TASK TO CARRY OUT:
Your reply should reproduce each line below exactly and carry none of the pictures.

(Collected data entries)

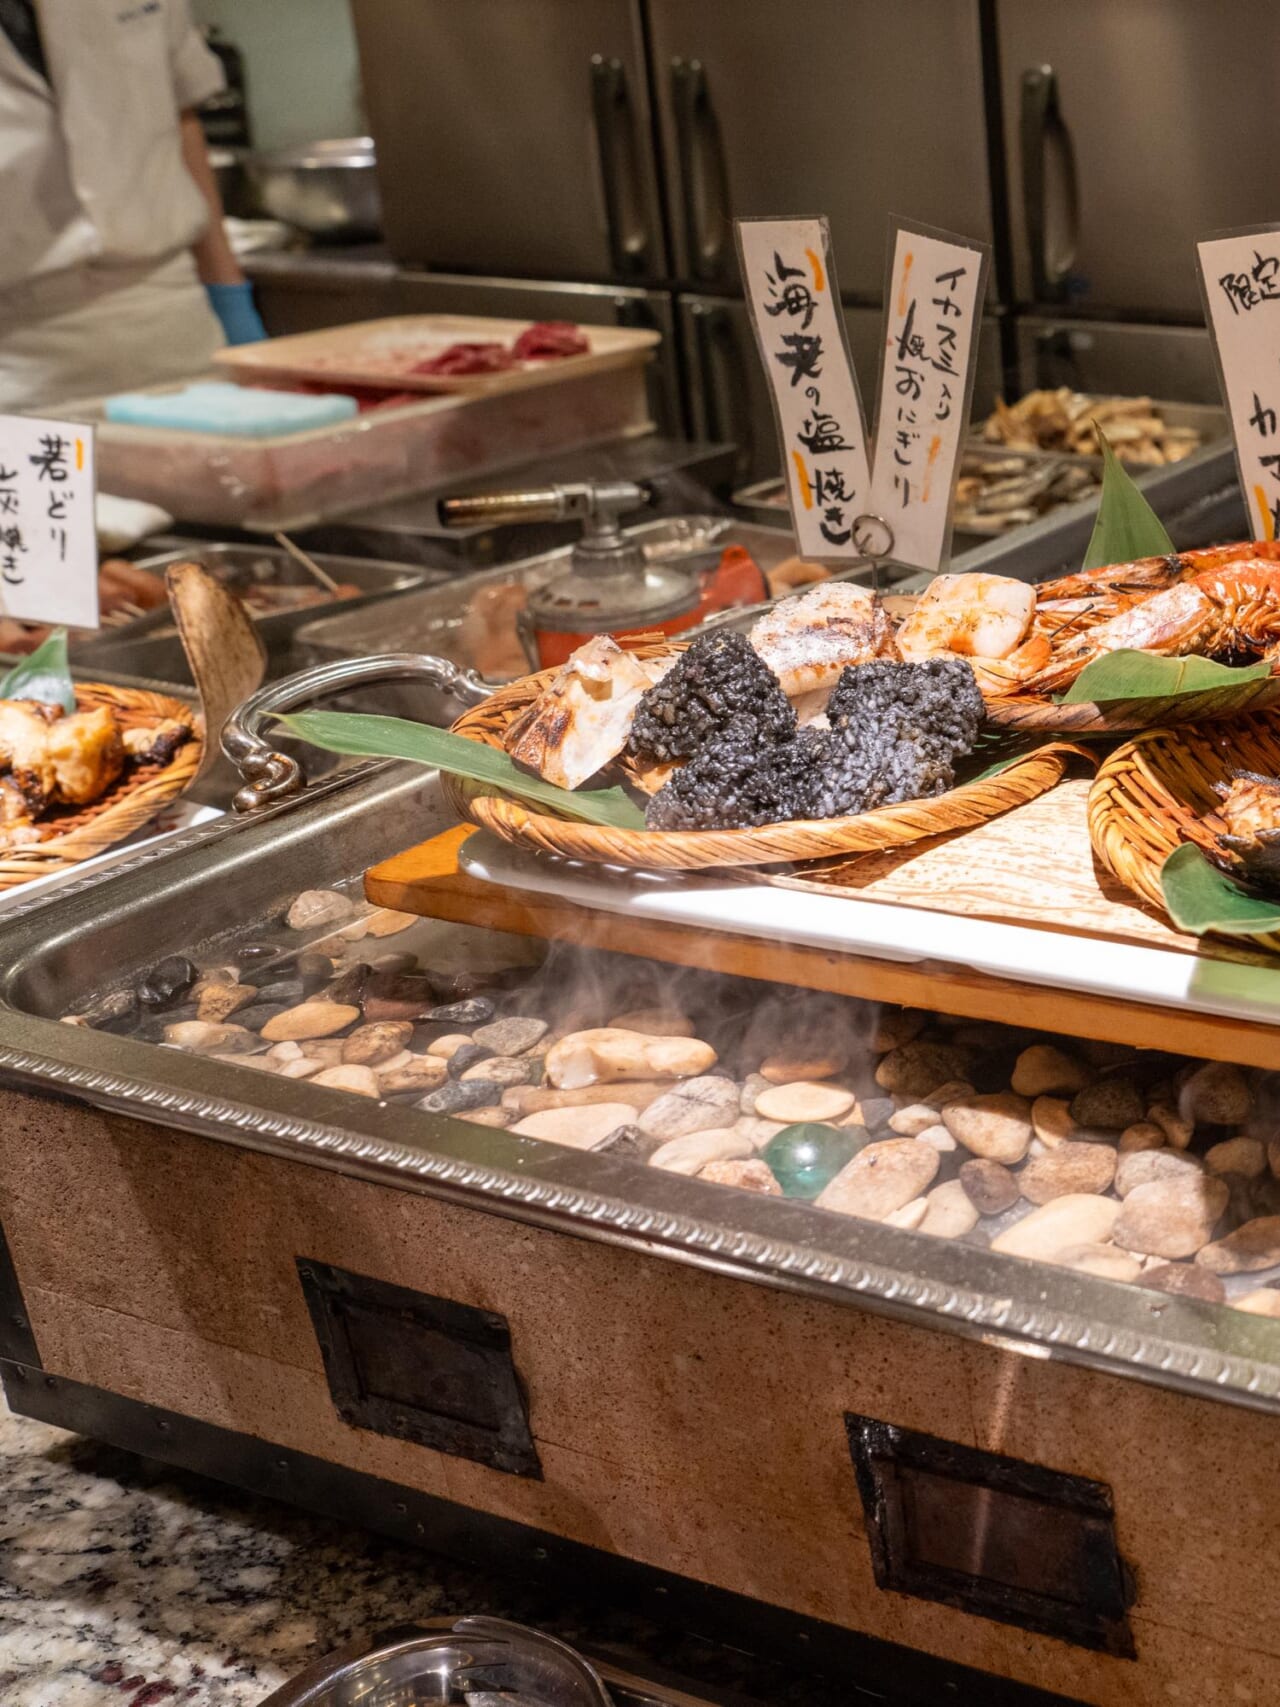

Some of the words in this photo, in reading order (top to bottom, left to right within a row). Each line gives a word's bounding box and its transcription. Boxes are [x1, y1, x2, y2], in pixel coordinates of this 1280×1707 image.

[763, 250, 855, 546] 海老の塩焼き
[895, 299, 926, 509] 焼おにぎり
[931, 267, 967, 421] イカスミ入り
[29, 434, 74, 561] 若どり
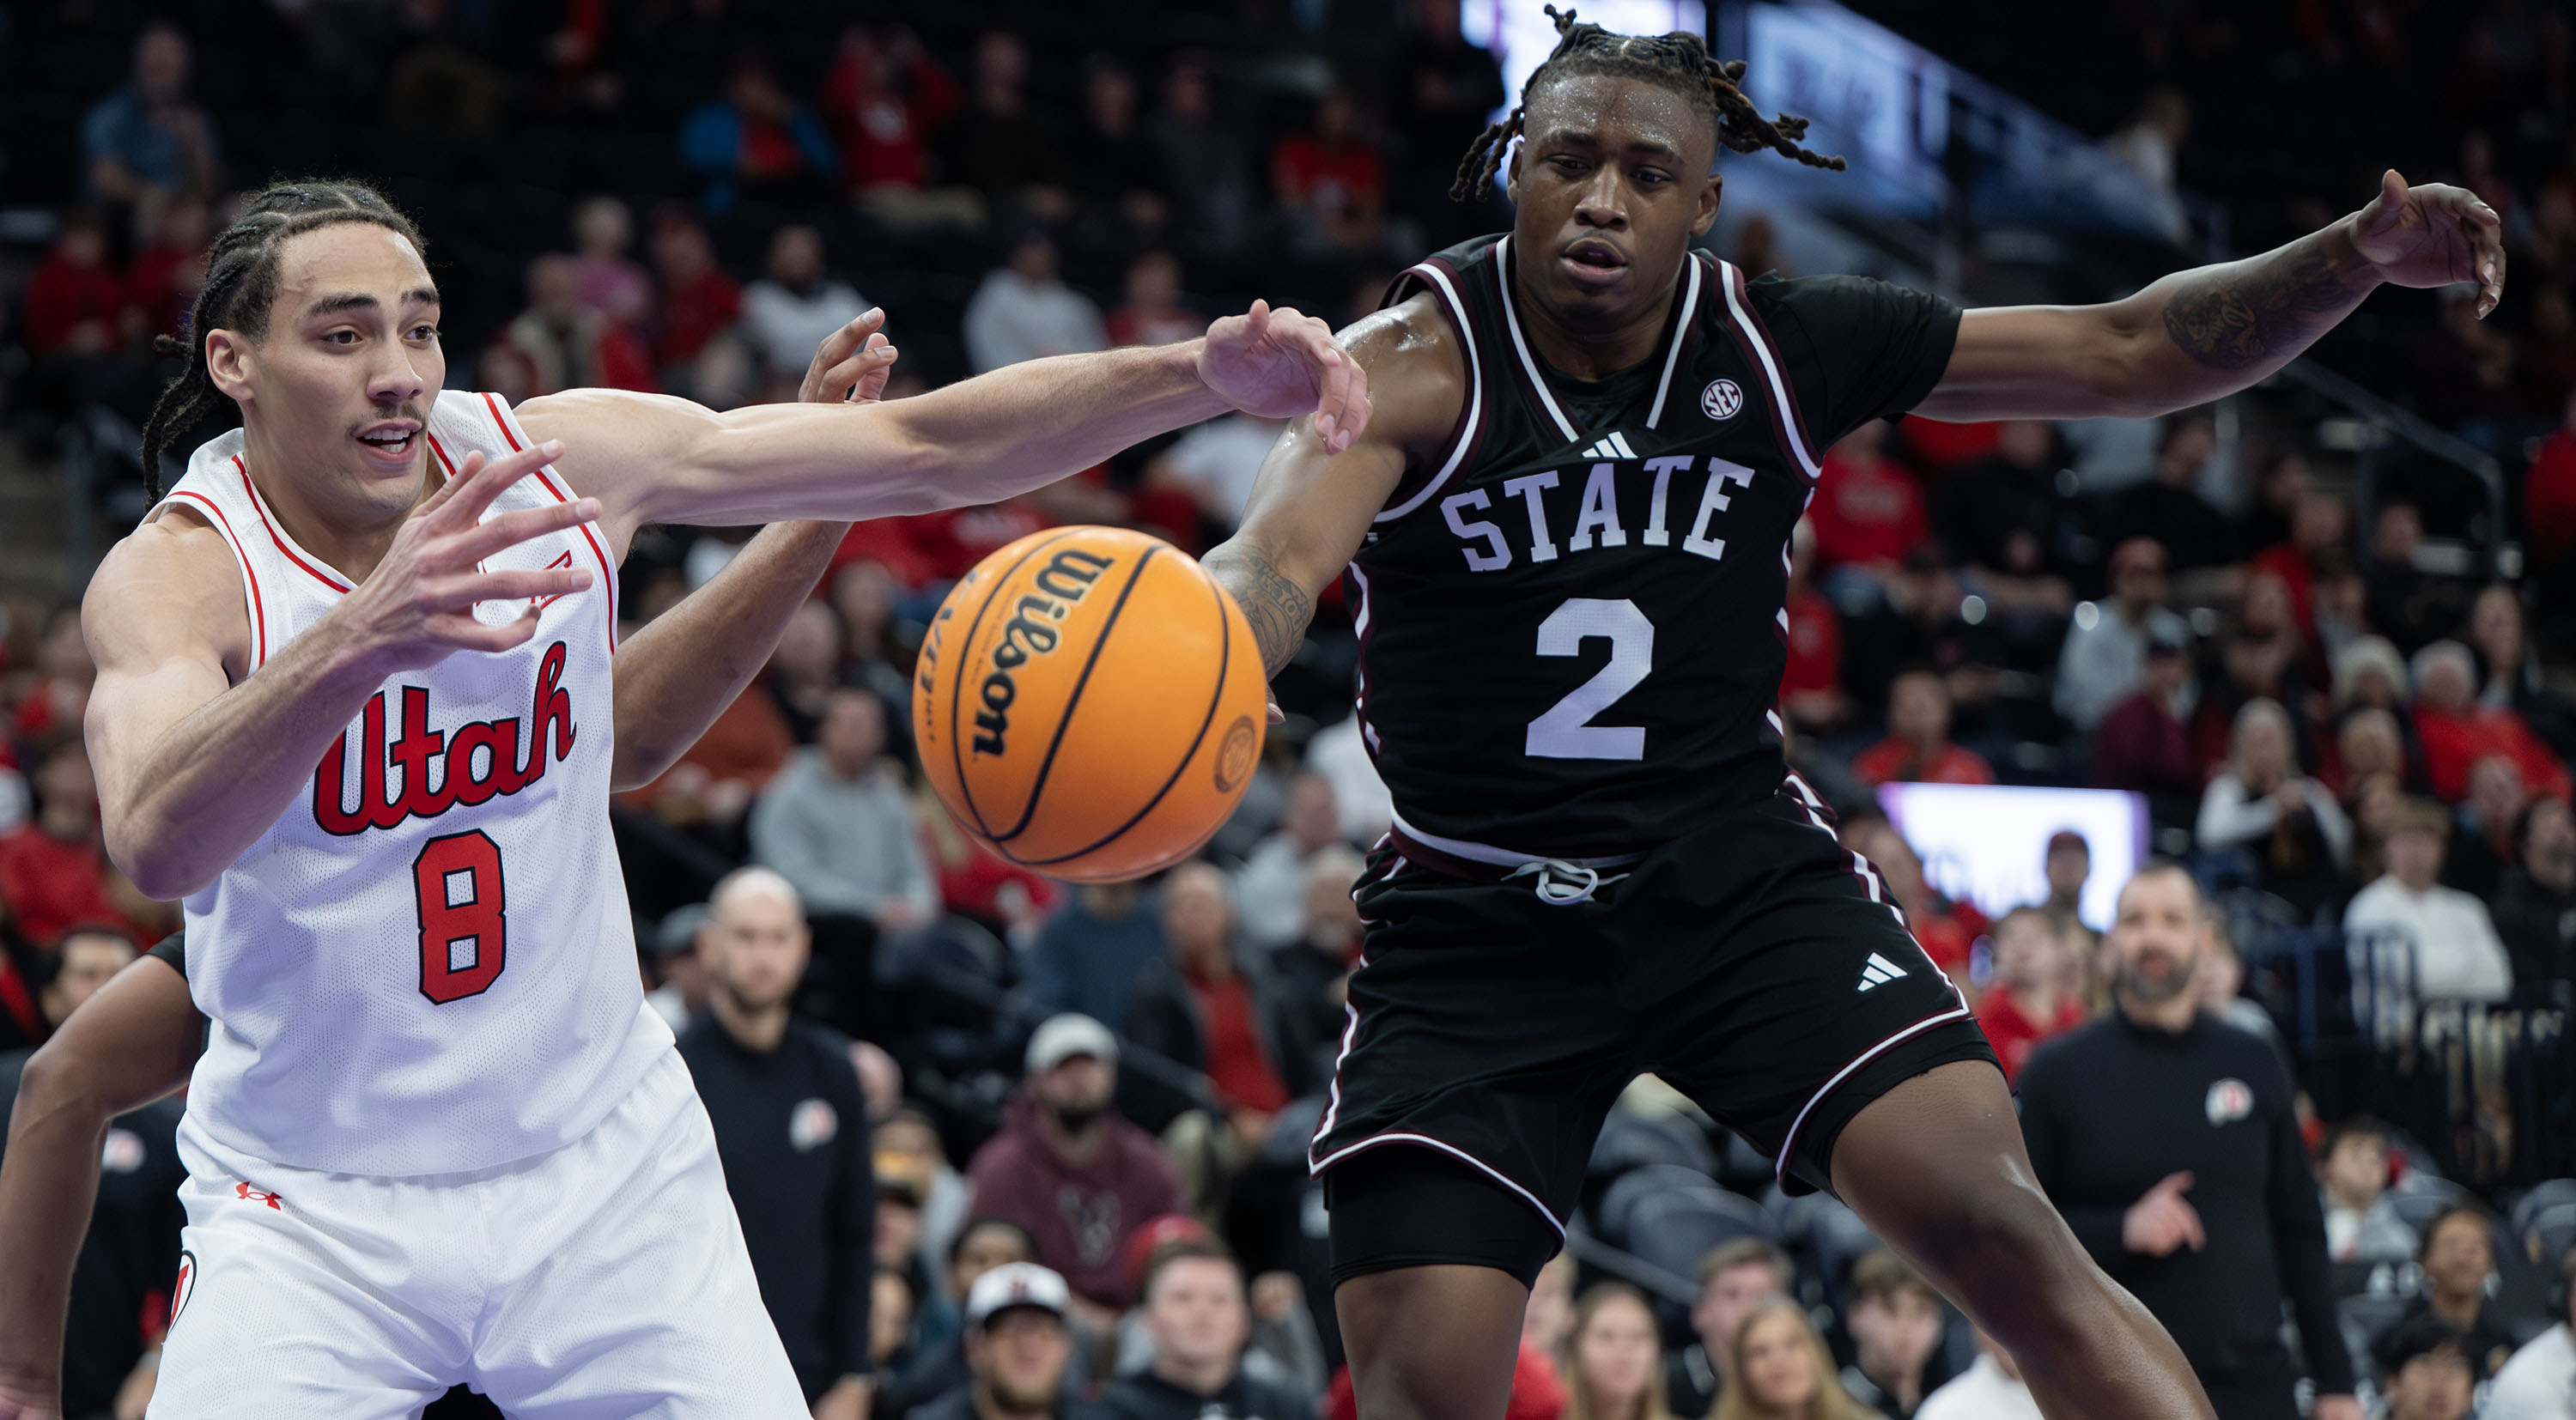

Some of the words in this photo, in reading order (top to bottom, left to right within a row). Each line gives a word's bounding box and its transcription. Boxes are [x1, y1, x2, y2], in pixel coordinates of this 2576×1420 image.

[1704, 381, 1740, 417] SEC
[1439, 455, 1756, 573] STATE
[313, 640, 577, 836] Utah
[970, 549, 1116, 757] Wilson
[1525, 598, 1656, 762] 2
[412, 828, 507, 1005] 8

TASK ANSWER:
Some of the words in this photo, in reading order (top to bottom, left to right within a row). Each line gives a word's bounding box and its transcription. Boxes are [x1, y1, x2, y2], in pixel coordinates of this 1280×1707 image.

[763, 250, 855, 546] 海老の塩焼き
[895, 299, 926, 509] 焼おにぎり
[931, 267, 967, 421] イカスミ入り
[29, 434, 74, 561] 若どり

Some of the words in this photo, in reading order (top to bottom, left to right within a row). Each line gives a word's bounding box and its transcription. Boxes are [x1, y1, x2, y2], in pixel coordinates of this 2576×1420 image.

[1704, 381, 1740, 417] SEC
[1439, 455, 1756, 573] STATE
[313, 640, 577, 836] Utah
[970, 549, 1116, 757] Wilson
[1525, 598, 1656, 762] 2
[412, 828, 507, 1005] 8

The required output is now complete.